BEGIN

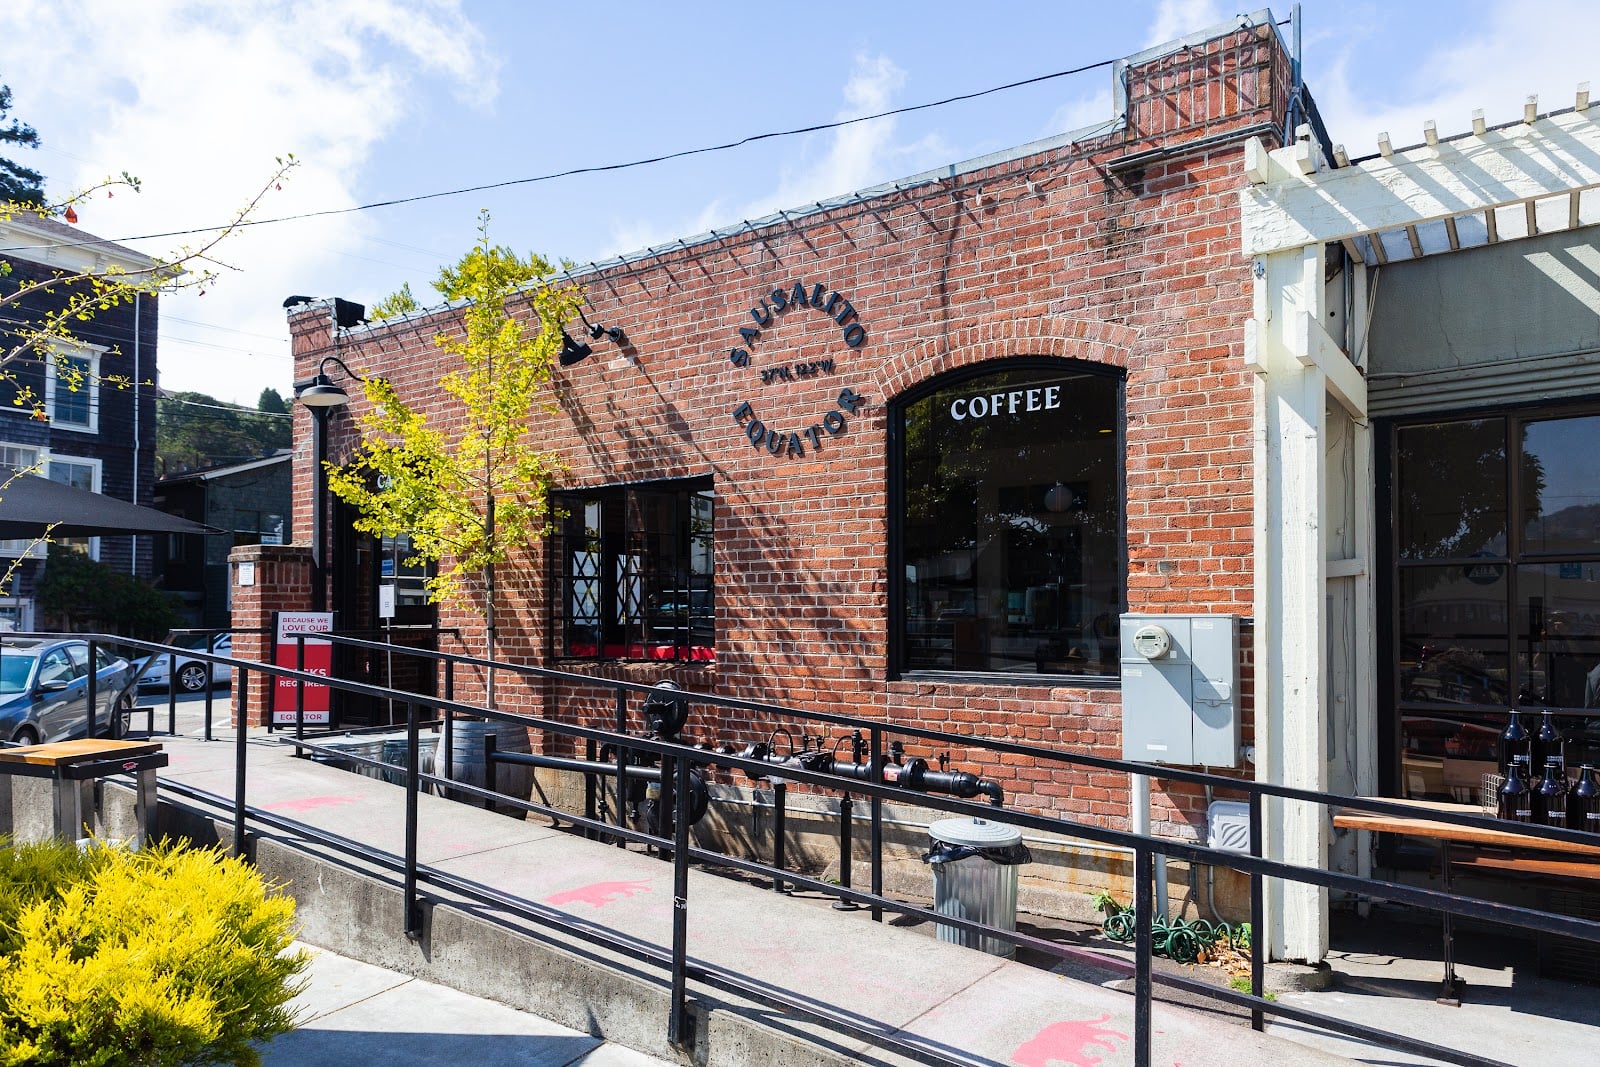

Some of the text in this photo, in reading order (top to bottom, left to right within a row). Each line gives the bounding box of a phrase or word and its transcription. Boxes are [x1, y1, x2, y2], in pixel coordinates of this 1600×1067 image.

[730, 282, 865, 367] SAUSALITO
[732, 388, 861, 457] EQUATOR
[950, 385, 1061, 421] COFFEE
[308, 624, 329, 632] OUR
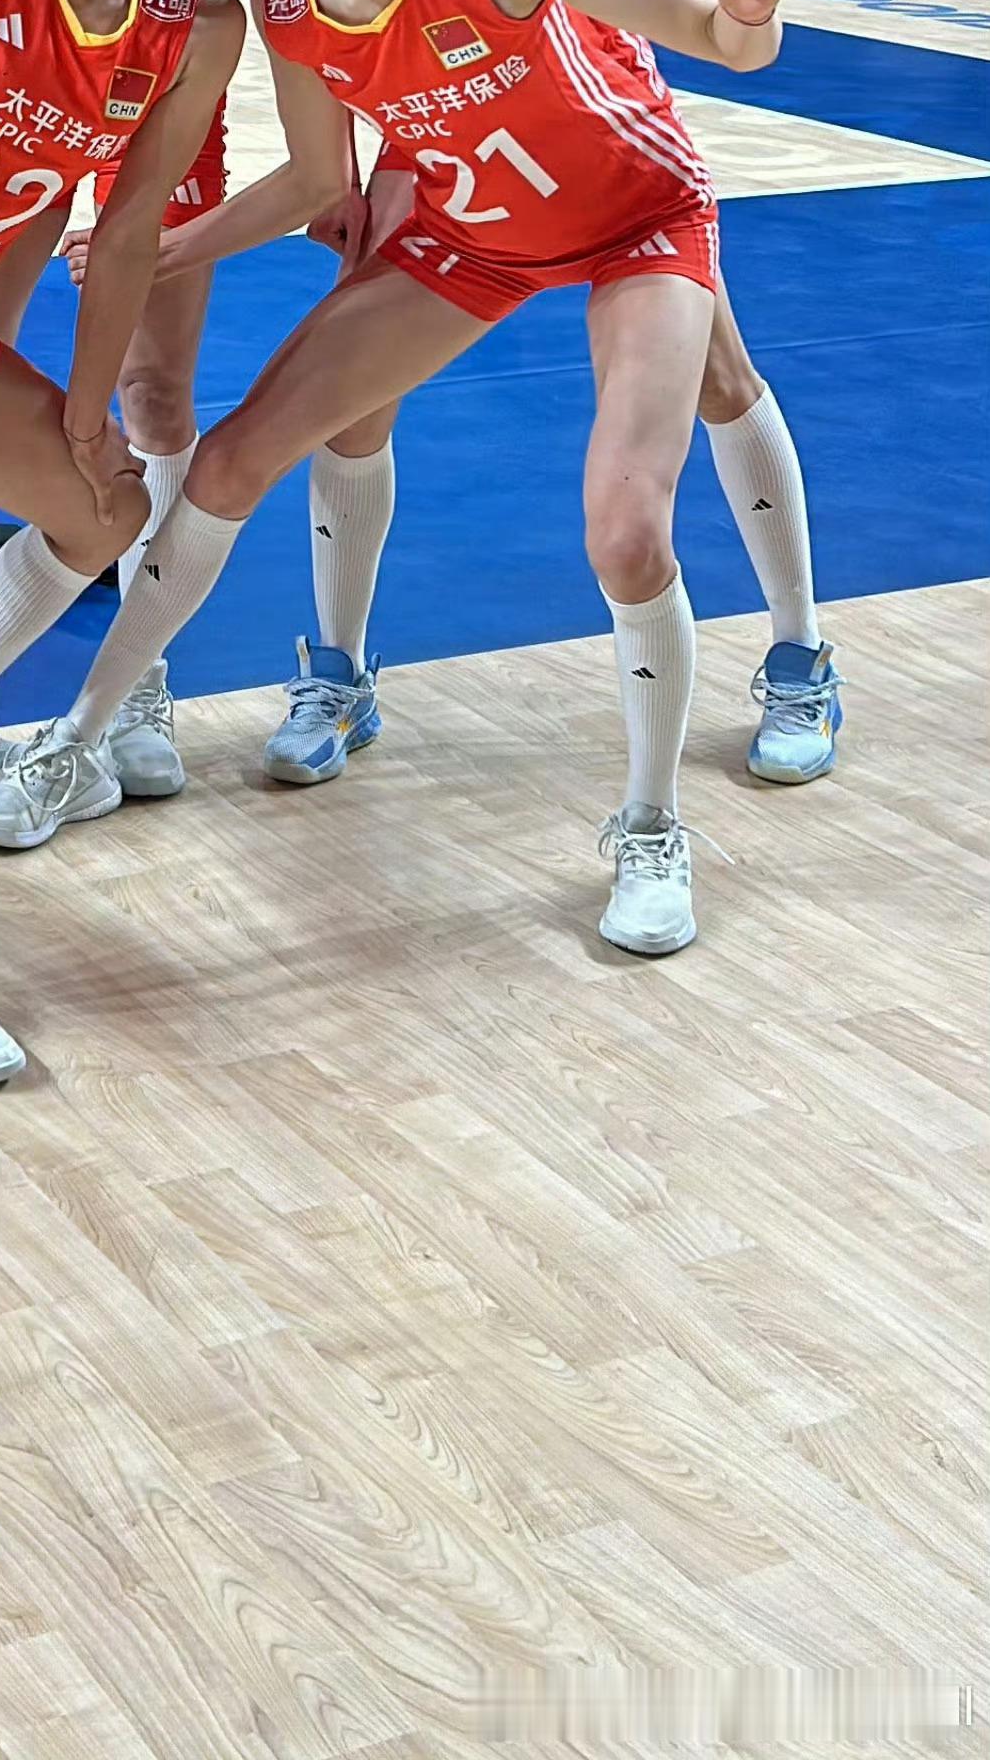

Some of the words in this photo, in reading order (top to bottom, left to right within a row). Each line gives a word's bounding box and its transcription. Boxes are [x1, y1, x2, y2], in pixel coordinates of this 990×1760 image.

END

Leave out all pictures, then copy the remaining material exactly.

Written solution:
Some of the text in this photo, in reading order (top to bottom, left to right within a row). Each line gives the bounding box of a phrase or word and its transcription. Boxes are [x1, y1, x2, y2], in pixel coordinates of this 1600×1067 image.

[730, 282, 865, 367] SAUSALITO
[732, 388, 861, 457] EQUATOR
[950, 385, 1061, 421] COFFEE
[308, 624, 329, 632] OUR

Some of the words in this photo, in reading order (top to bottom, left to right within a row). Each line gives a word's bounding box and its transcription. Boxes are [x1, y1, x2, y2], in pixel coordinates of this 990×1760 image.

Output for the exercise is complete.